ByteDance reportedly receives $20 billion offer for TikTok from rival Triller

TikTok rival Triller and investment firm Centricus Asset Management have reportedly made a $20 billion offer for the video-sharing app, joining a list of suitors that includes software giant Oracle and a partnership between Microsoft and Walmart.

Triller and Centricus are looking to acquire the assets of TikTok not just in the U.S., but also in Australia, India, and New Zealand, Bloomberg reported, citing a source familiar with the matter.

The legitimacy of the report remains in question, as while a Centricus representative confirmed the offer to Bloomberg, TikTok and parent ByteDance have denied that it exists to both Bloomberg and Reuters.

Triller’s executive chairman Bobby Sarnevesht said TikTok was not involved in the talks as it was speaking directly with ByteDance chairman Zhang Yiming.

“We submitted an offer directly to the chairman of ByteDance through Centricus, and have confirmation it was received and is under consideration by him,” Sarnevesht told Reuters.

ByteDance, however, said that it was also unaware of an offer from Triller and Centricus.

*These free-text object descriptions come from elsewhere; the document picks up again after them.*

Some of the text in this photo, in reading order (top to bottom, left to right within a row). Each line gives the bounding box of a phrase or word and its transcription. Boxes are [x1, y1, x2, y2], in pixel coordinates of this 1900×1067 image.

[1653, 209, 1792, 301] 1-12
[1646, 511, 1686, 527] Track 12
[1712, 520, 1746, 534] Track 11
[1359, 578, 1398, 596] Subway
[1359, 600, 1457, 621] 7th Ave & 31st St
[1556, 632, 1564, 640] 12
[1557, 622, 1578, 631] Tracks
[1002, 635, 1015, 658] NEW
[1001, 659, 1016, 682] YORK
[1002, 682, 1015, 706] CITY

The offer will reportedly be funded by Centricus, with TikTok to be run by Triller executives if it comes out on top. However, like with the questions surrounding Twitter‘s rumored bid, it remains unclear how Centricus will secure the necessary resources as it only has $27 billion in assets.

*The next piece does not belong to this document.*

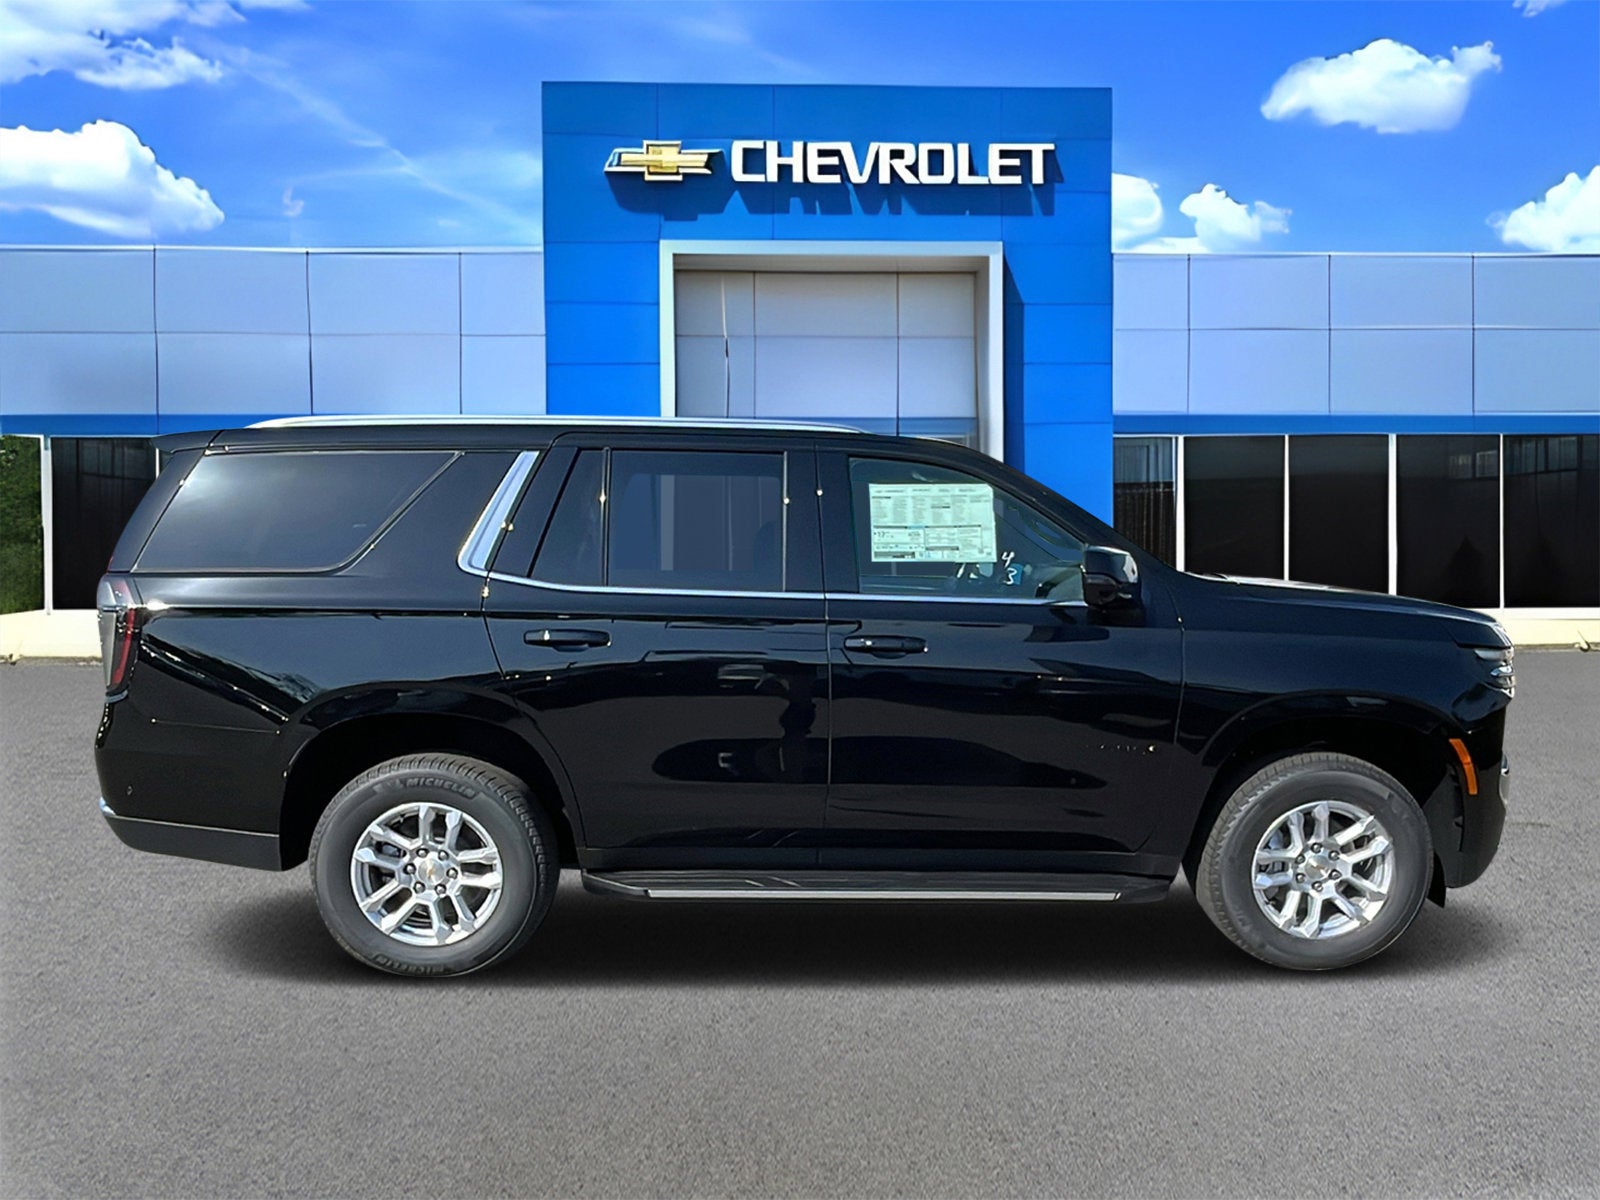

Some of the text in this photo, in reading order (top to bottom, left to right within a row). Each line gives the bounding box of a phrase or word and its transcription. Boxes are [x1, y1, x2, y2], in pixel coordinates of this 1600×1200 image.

Digital Trends has reached out to TikTok to try to gain clarity over the legitimacy of the offer from Triller and Centricus, and we will update this article as soon as we hear back.

Trump vs. TikTok

President Donald Trump gave ByteDance until November 12 to sell the U.S. assets of TikTok. The executive order also requires ByteDance to destroy all the user data acquired by TikTok and its predecessor Musical.ly.

TikTok, meanwhile, has filed a lawsuit against Trump’s executive order that will ban the app from conducting business in the U.S. The company behind the popular video-sharing app, however, will have to deal with its dispute with Trump without Kevin Mayer, who stepped down as CEO just three months after taking up the position.